How to invest in NIFTY 50: Frequently asked questions (FAQ’s)

1. What is Nifty?

The term ‘Nifty’ refers to a stock market index established by the National Stock Exchange (NSE). It derives its name from ‘NSE Fifty,’ indicating the inclusion of the top 50 stocks listed on the NSE.

2. How to buy/invest in Nifty 50?

To invest in Nifty 50 , individuals can buy index funds or exchange-traded funds (ETFs) that track the performance of the Nifty 50 index.

These funds can be purchased through a stockbroker or online trading platforms.

This will provide exposure to the 50 major stocks listed on the National Stock Exchange of India.

3. How is Nifty 50 different from the Sensex?

While both Nifty 50 and Sensex are stock market indices in India, they differ in their composition. Nifty 50 represents the top 50 stocks listed on the NSE, whereas the Sensex represents the 30 stocks listed on the Bombay Stock Exchange (BSE).

The selection criteria and weighting methodology are also different for these indices.

NIFTY 50 Performance: How much return has it generated?

Given the nature of the equity market, NIFTY 50 has witnessed many ups and downs since its inception in 1996. There have been years when the index witnessed a decline of 51%, and there have been years when the index climbed by more than 70%.

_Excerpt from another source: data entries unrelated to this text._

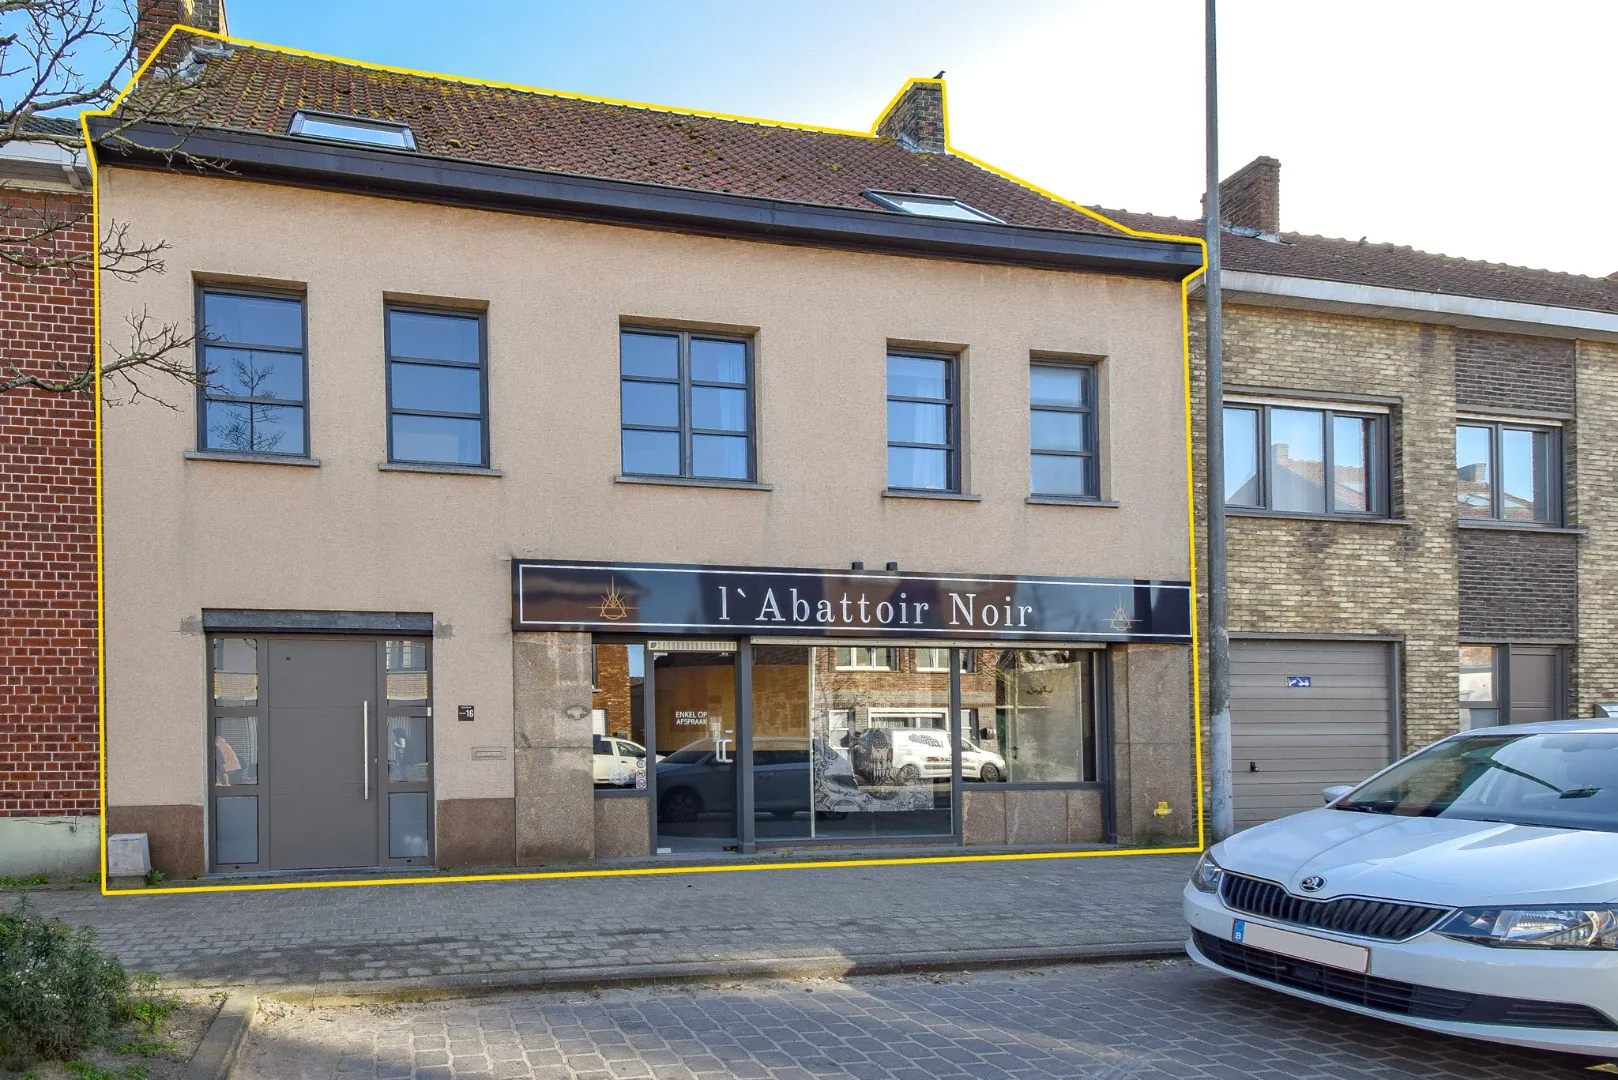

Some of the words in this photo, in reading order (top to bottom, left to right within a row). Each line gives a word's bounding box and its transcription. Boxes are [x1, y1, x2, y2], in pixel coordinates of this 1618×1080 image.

[949, 593, 1033, 627] Noir
[465, 709, 474, 718] 16
[1235, 931, 1242, 940] B
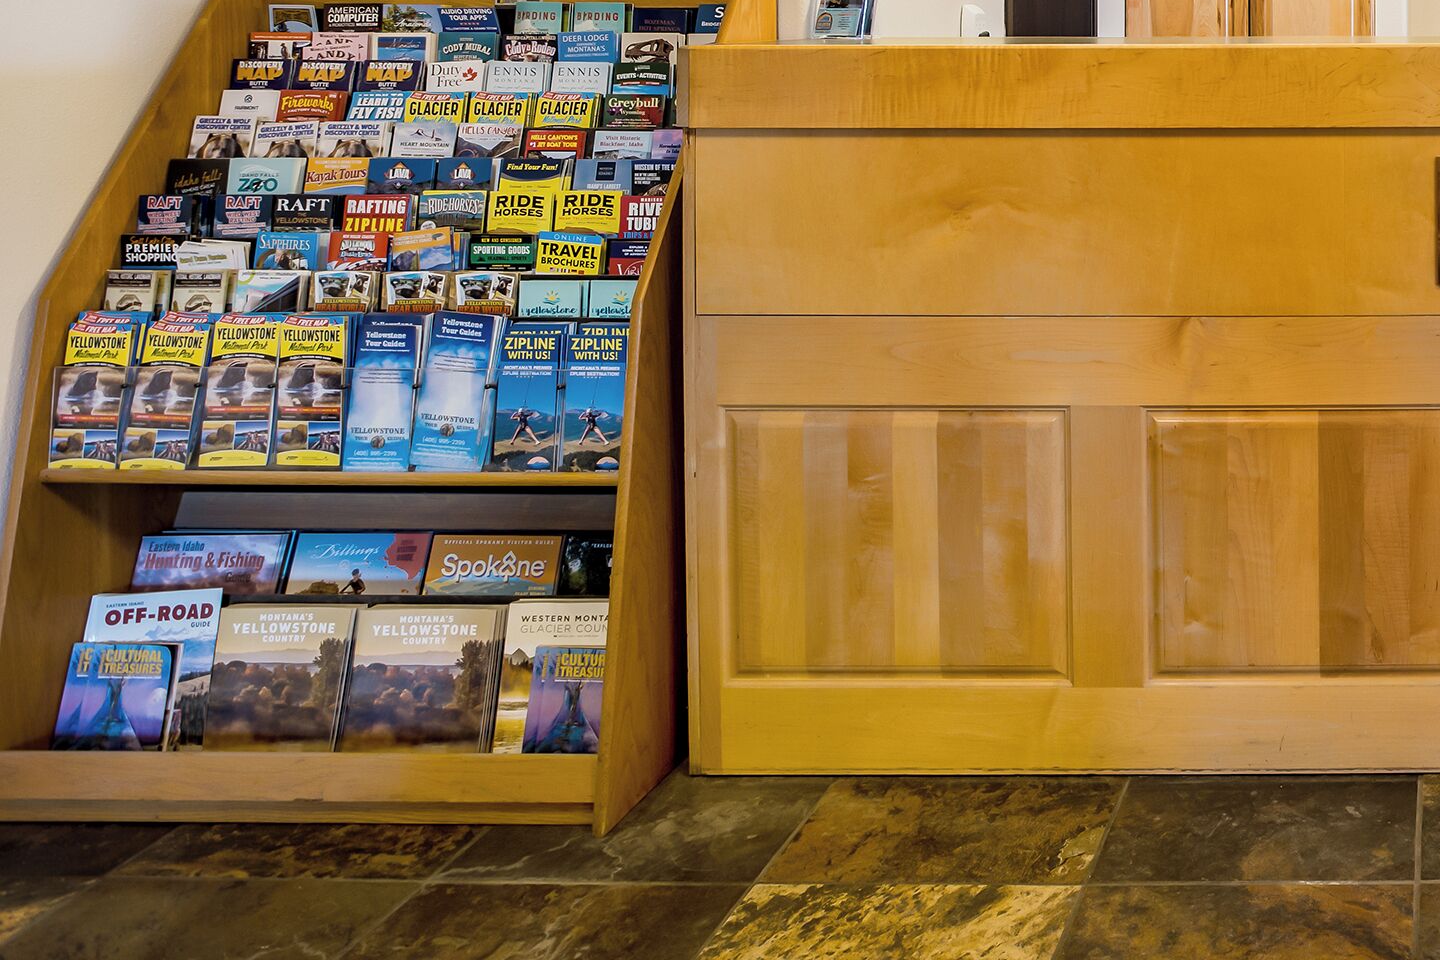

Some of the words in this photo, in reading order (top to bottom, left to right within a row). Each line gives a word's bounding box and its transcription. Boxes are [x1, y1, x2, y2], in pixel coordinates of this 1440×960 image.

[328, 14, 379, 22] COMPUTER
[517, 12, 556, 20] BIRDING
[576, 12, 619, 21] BIRDING
[443, 43, 463, 54] CODY
[465, 43, 491, 55] MURAL
[531, 42, 556, 55] Rodeo
[431, 64, 462, 77] Duty
[494, 67, 536, 76] ENNIS
[558, 67, 600, 77] ENNIS
[437, 77, 462, 87] Free
[282, 96, 334, 111] Fireworks
[357, 98, 388, 106] LEARN
[390, 98, 403, 106] TO
[608, 98, 658, 109] Greybull
[350, 107, 373, 119] FLY
[374, 108, 404, 119] FISH
[410, 102, 458, 115] GLACIER
[474, 102, 522, 116] GLACIER
[540, 102, 587, 116] GLACIER
[174, 174, 199, 188] idaho
[202, 169, 222, 182] falls
[306, 172, 337, 185] Kayak
[339, 169, 367, 180] Tours
[389, 168, 410, 179] LAVA
[454, 169, 472, 179] LAVA
[238, 178, 277, 192] ZOO
[147, 196, 183, 209] RAFT
[226, 196, 262, 209] RAFT
[277, 199, 330, 211] RAFT
[347, 200, 406, 214] RAFTING
[428, 199, 448, 214] RIDE
[449, 198, 480, 213] HORSES
[496, 196, 544, 209] RIDE
[564, 194, 614, 208] RIDE
[494, 208, 543, 217] HORSES
[562, 208, 613, 216] HORSES
[344, 218, 403, 232] ZIPLINE
[260, 234, 311, 250] SAPPHIRES
[554, 234, 588, 242] ONLINE
[473, 246, 506, 254] SPORTING
[508, 246, 530, 254] GOODS
[541, 242, 598, 259] TRAVEL
[541, 257, 595, 268] BROCHURES
[525, 306, 576, 315] yellowstone
[442, 318, 483, 328] Yellowstone
[217, 328, 276, 340] YELLOWSTONE
[283, 330, 340, 342] YELLOWSTONE
[459, 328, 482, 337] Guides
[70, 335, 126, 349] YELLOWSTONE
[149, 335, 204, 349] YELLOWSTONE
[289, 343, 316, 352] National
[316, 343, 333, 352] Park
[504, 338, 556, 350] ZIPLINE
[570, 338, 622, 350] ZIPLINE
[508, 351, 533, 359] WITH
[535, 351, 551, 359] US!
[575, 352, 600, 360] WITH
[602, 352, 618, 360] US!
[420, 413, 475, 424] YELLOWSTONE
[149, 542, 180, 552] Eastern
[182, 541, 205, 552] Idaho
[312, 544, 380, 560] Billings
[144, 553, 202, 571] Hunting
[204, 554, 214, 568] &
[217, 552, 265, 571] Fishing
[441, 551, 545, 582] Spokane
[105, 603, 214, 625] OFF-ROAD
[259, 613, 314, 621] MONTANA'S
[233, 623, 335, 634] YELLOWSTONE
[372, 624, 478, 636] YELLOWSTONE
[520, 624, 571, 633] GLACIER
[262, 635, 305, 643] COUNTRY
[403, 637, 447, 645] COUNTRY
[107, 650, 163, 662] CULTURAL
[105, 663, 162, 674] TREASURES
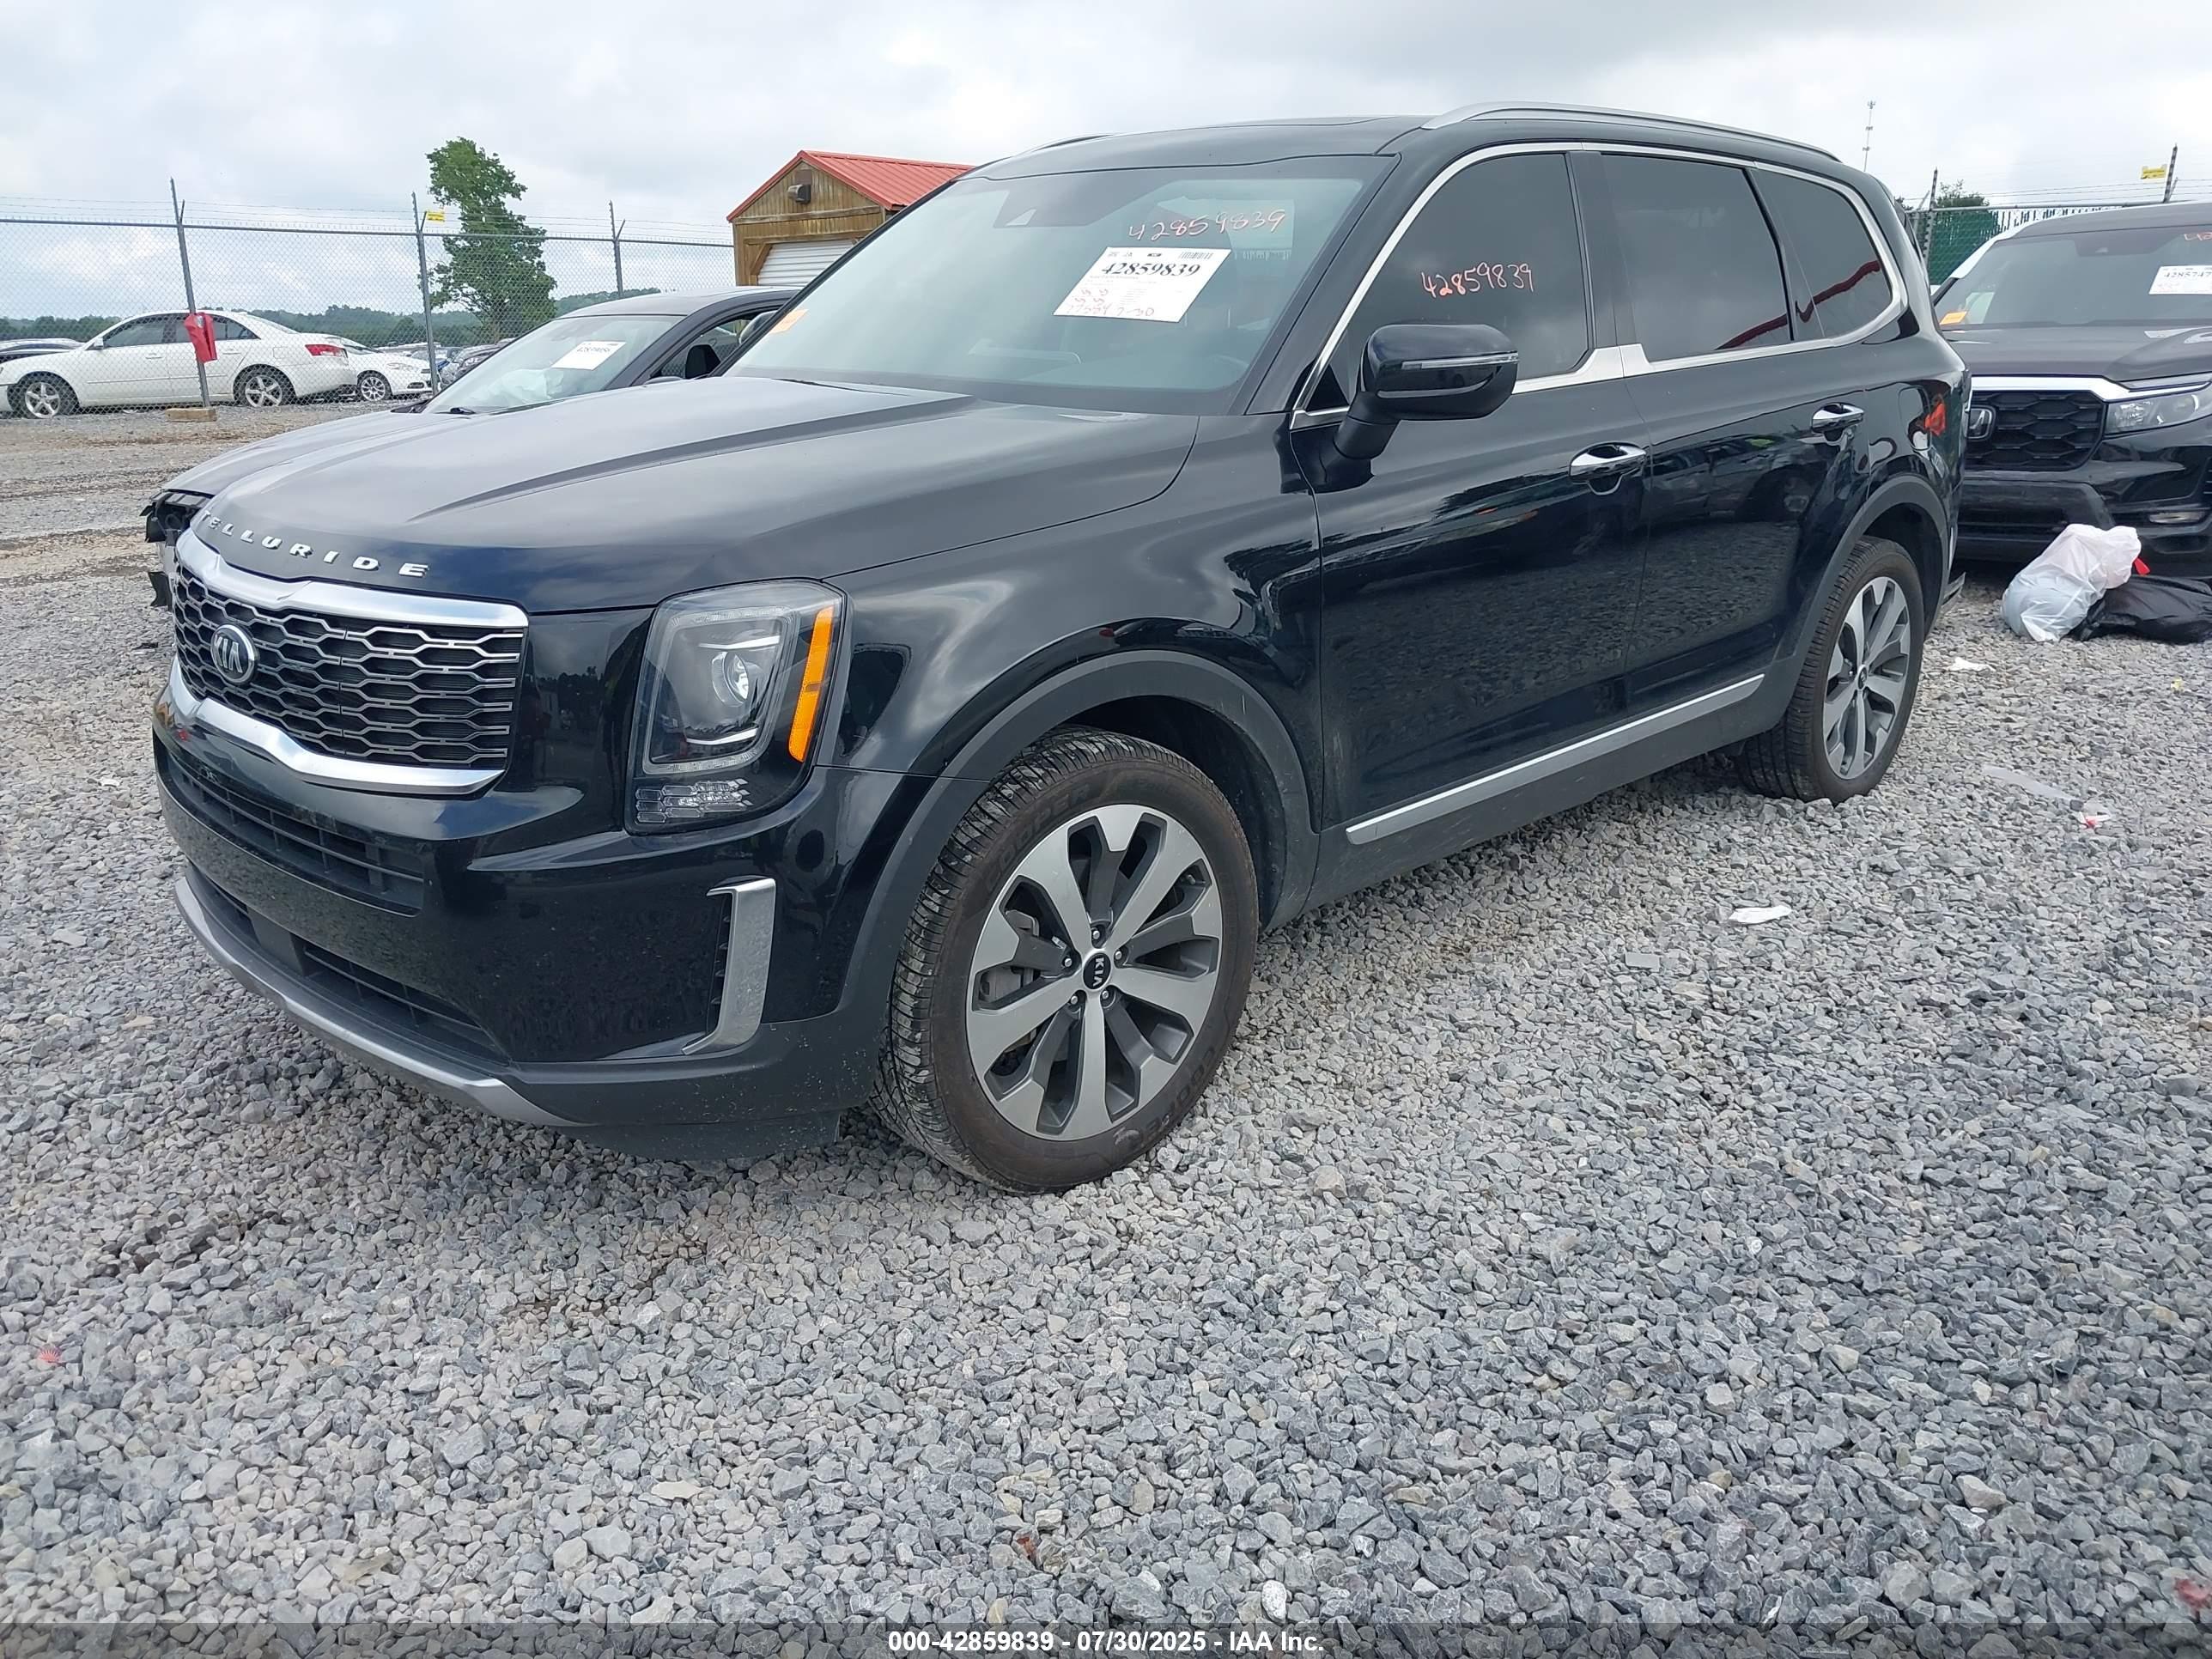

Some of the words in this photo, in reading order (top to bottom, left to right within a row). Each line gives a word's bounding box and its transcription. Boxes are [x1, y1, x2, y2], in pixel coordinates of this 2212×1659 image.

[1128, 209, 1285, 241] 42859839
[1101, 262, 1201, 276] 42859839
[1421, 262, 1534, 298] 42859839
[203, 510, 428, 578] TELLURIDE
[1092, 957, 1105, 988] KIA

But on a long-term basis, the index has risen significantly, and in the last 15 years, the NIFTY index has delivered an annual average return of 13%.

To put this return in perspective, if you had invested Rs. 10,000 a month in the NIFTY 50 index for the last 15 years, you would have accumulated over Rs. 53 lakh by June 2021 at an annual average return of nearly 13%.

Absolute returns would not be a considerable amount for the first few years, if you choose to invest in the NIFTY 50.

Even after a few years initially, you might find your returns in in the negative.

But if you stay the course, the line of profits growing slowly might pick up pace due to the impact of compounding coupled with good returns.

How To Invest In NIFTY 50?

As we mentioned earlier, NIFTY 50 consists of the top companies in India, and if you buy the NIFTY 50, you become part-owner of these fantastic companies. Now, there are two ways to invest in NIFTY 50.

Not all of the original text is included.